→ Exercise brief
Only text belongs in your copy of the listing below; reproduce it exactly and leave out the pictures.
━━━━━━━━━━━━━━━━━━━━━━━━━━━━━━
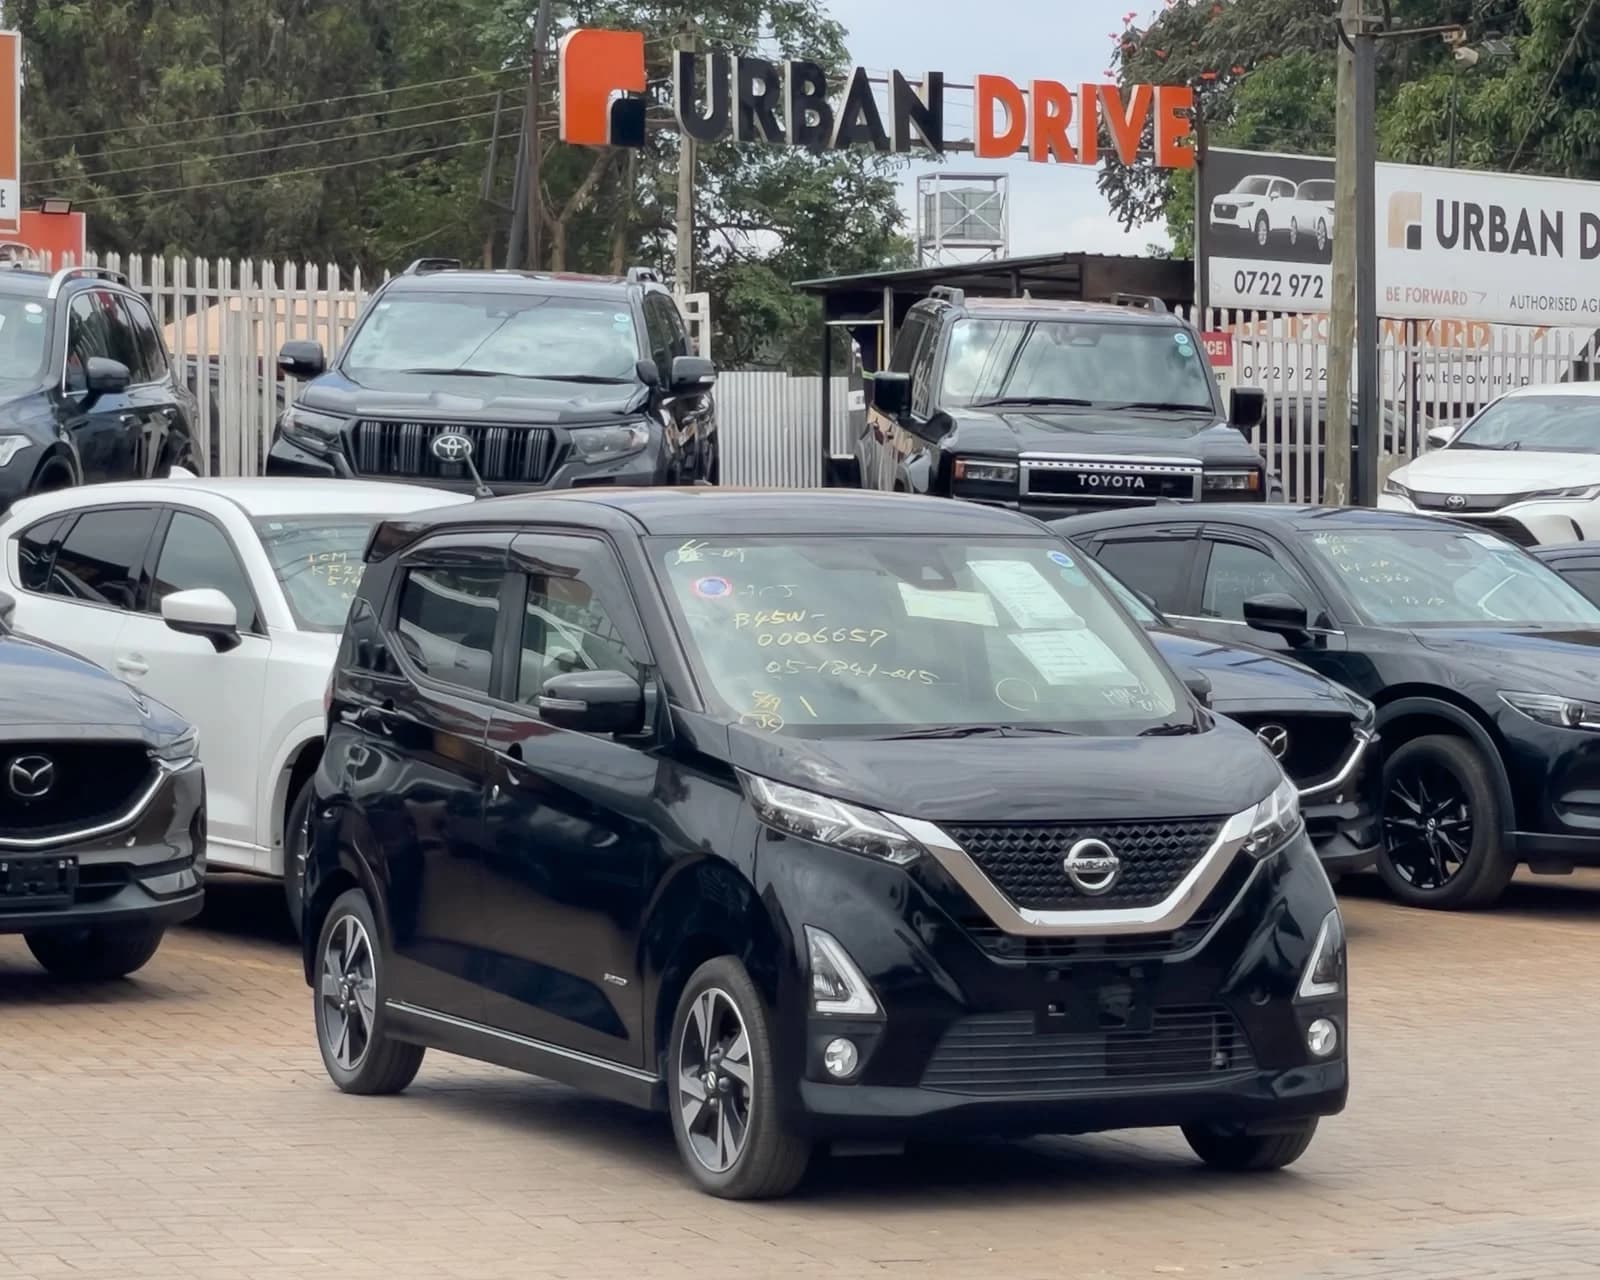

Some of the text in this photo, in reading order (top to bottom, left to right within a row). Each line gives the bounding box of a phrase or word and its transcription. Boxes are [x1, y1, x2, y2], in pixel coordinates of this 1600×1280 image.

[672, 50, 1194, 168] URBAN DRIVE
[1436, 198, 1563, 258] URBAN
[1234, 270, 1324, 299] 0722 972
[1386, 286, 1468, 305] BE FORWARD
[1510, 295, 1600, 313] AUTHORISED AG
[1077, 474, 1145, 488] TOYOTA
[757, 626, 888, 648] 0006657
━━━━━━━━━━━━━━━━━━━━━━━━━━━━━━
→ Answer below
Some of the text in this photo, in reading order (top to bottom, left to right within a row). Each line gives the bounding box of a phrase or word and its transcription. Boxes are [x1, y1, x2, y2], in pixel coordinates of this 1600×1280 image.

[672, 50, 1194, 168] URBAN DRIVE
[1436, 198, 1563, 258] URBAN
[1234, 270, 1324, 299] 0722 972
[1386, 286, 1468, 305] BE FORWARD
[1510, 295, 1600, 313] AUTHORISED AG
[1077, 474, 1145, 488] TOYOTA
[757, 626, 888, 648] 0006657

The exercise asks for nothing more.